Importância do problema

As anomalias congénitas do sistema respiratório, implicando em geral resolução cirúrgica, são situações raras de expressão clínica muito variável.

Com a evolução da tecnologia de imagem aplicada no período pré-natal é hoje possível o diagnóstico antecipado de muitas destas situações, o que contribui para a melhoria do prognóstico.

Etiopatogénese

A morfogénese das estruturas da árvore respiratória (tracto respiratório inferior) que derivam primordialmente do intestino primitivo do embrião, é classicamente dividida em cinco períodos: estes são contados a partir da separação do divertículo “em dedo de luva” ou saccuilus pulmonalis que emerge da face ventral do tubo digestivo primitivo pelos 24 dias de gestação, bifurcando-se pelos 26-28 dias (esboços dos brônquios principais):

  • Período embrionário (4ª -7ª semana)
    Neste período inicia-se a separação do primórdio respiratório a partir da face ventral do intestino anterior como resultado da formação do septo tráqueoesofágico; estão então constituídos dois “tubos” independentes: o esófago e o tubo laringotraqueal.
  • Período pseudoglandular (7ª-16ª semana)
    Neste período ocorrem determinados eventos em simultâneo: ramificação da árvore respiratória até aos bronquíolos terminais, migração das estruturas vasculares, e desenvolvimento da cartilagem, glândulas mucosas e musculatura lisa nos brônquios a partir do mesênquima.
  • Período canalicular (16ª-26ª semana)
    Neste período formam-se os bronquíolos respiratórios, os ductos alveolares e os alvéolos a partir dos bronquíolos terminais.
  • Período sacular (26ª-36ª semana)
    Os eventos importantes deste período são o crescimento das unidades para as trocas gasosas e a produção de surfactante alveolar.
  • Período alveolar (a partir da 36ª semana)
    Neste período completa- se a formação das estruturas envolvidas na função respiratória continuando o crescimento da superfície de trocas gasosas.

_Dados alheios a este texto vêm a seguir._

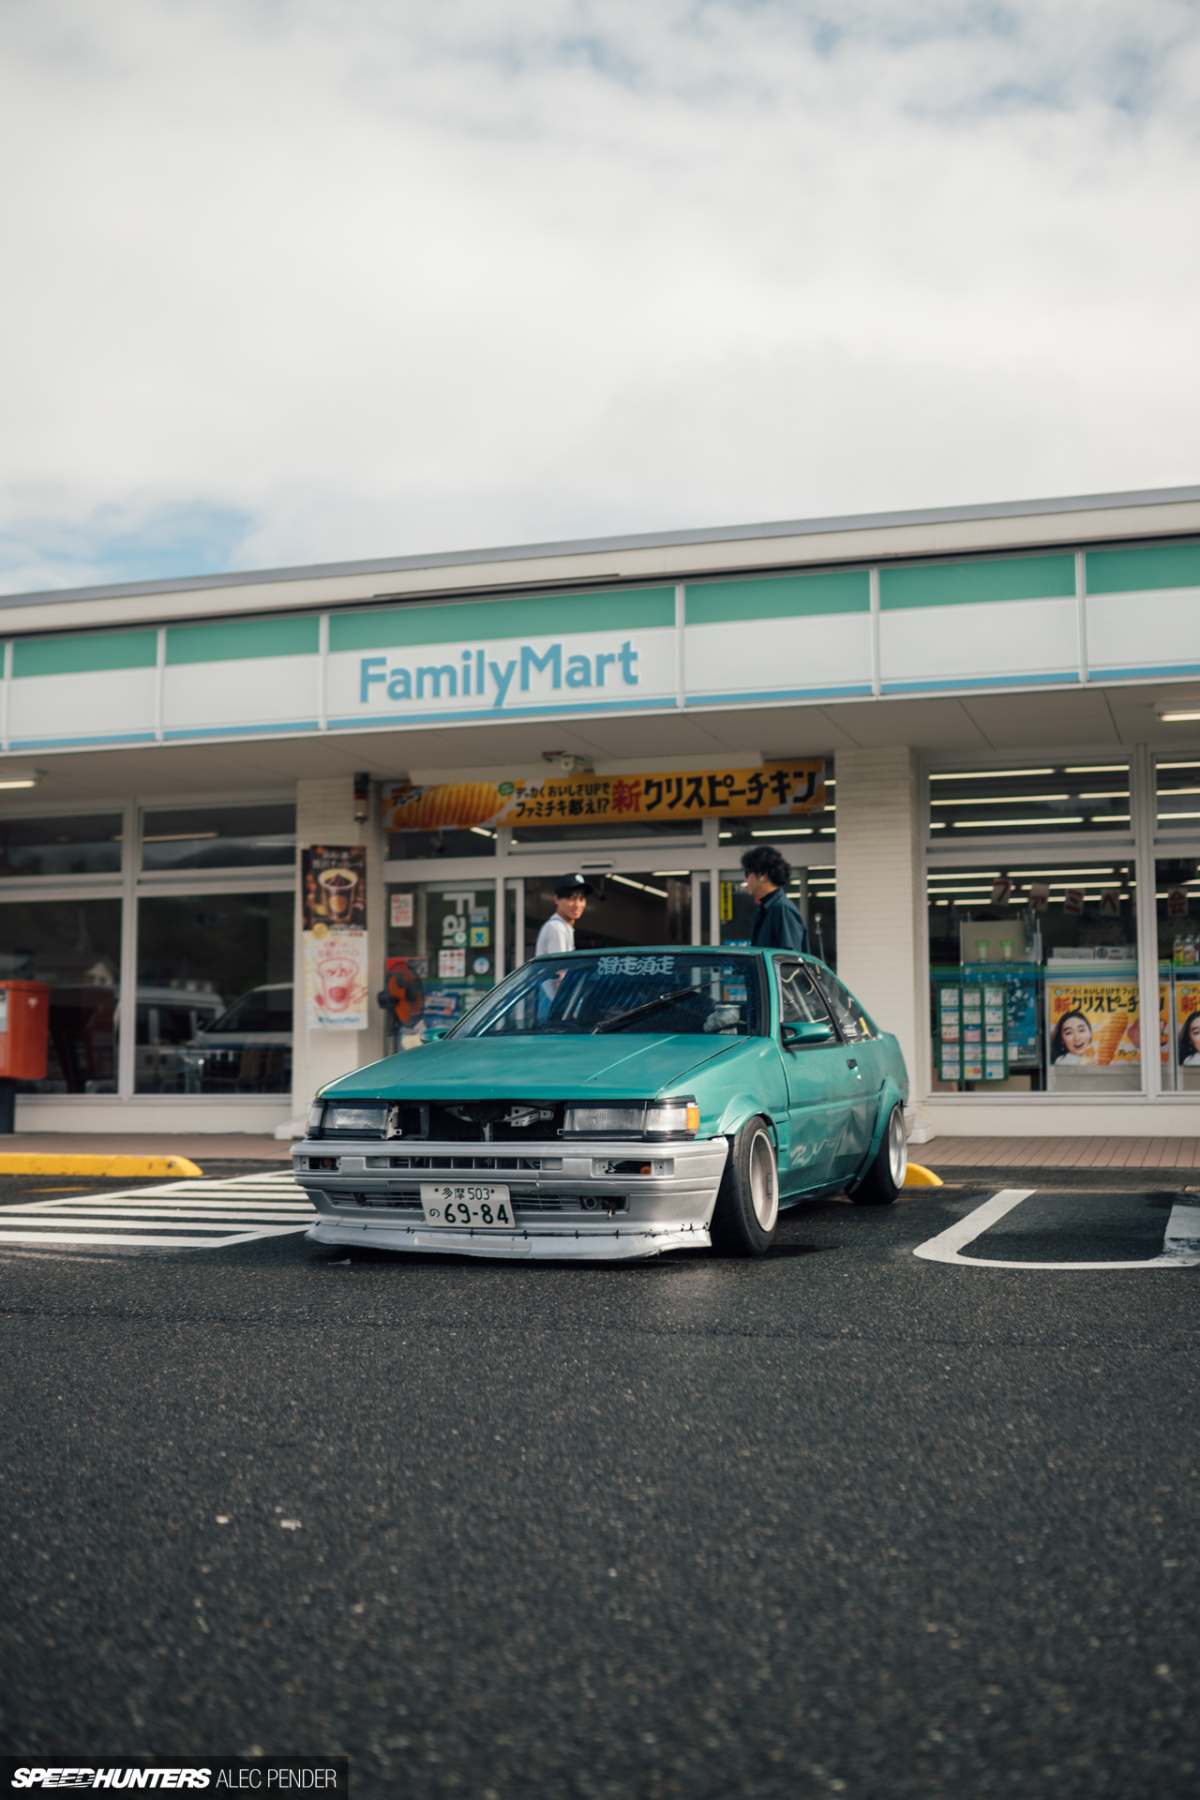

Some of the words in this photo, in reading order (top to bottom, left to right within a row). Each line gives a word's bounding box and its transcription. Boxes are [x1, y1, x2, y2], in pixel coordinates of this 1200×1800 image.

[360, 640, 638, 708] FamilyMart
[441, 1187, 465, 1199] 多摩
[467, 1187, 490, 1200] 503
[429, 1208, 441, 1218] の
[444, 1203, 509, 1224] 69-84

A perturbação deste processo em diversas datas e por efeito de diversos factores dá origem a diversas anomalias congénitas; neste capítulo é feita menção especial a quatro situações deste foro, de possível solução cirúrgica: enfisema lobar congénito, quisto broncogénico, malformação adenomatóide quística e sequestração broncopulmonar.

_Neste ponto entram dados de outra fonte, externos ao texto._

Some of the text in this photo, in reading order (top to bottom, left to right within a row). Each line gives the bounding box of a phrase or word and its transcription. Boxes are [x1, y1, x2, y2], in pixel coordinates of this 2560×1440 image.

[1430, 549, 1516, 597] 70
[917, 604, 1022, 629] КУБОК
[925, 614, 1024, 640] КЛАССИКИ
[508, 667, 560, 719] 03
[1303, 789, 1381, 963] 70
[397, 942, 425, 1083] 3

1. ENFISEMA LOBAR CONGÉNITO

Definição e importância do problema

O enfisema lobar congénito consiste na insuflação anormal de um pulmão anatomicamente normal resultando provavelmente de um defeito intrínseco da cartilagem bronquiolar favorecendo broncomalácia.

Poderá verificar-se compressão extrínseca por anomalias vasculares intratorácicas. Como consequência verifica-se colapso do brônquio afectado durante a expiração levando a retenção progressiva de ar no pulmão por dificuldade de saída daquele. O lobo mais frequentemente afectado é o superior esquerdo (LSE), seguindo-se em frequência o lobo médio direito e o superior direito.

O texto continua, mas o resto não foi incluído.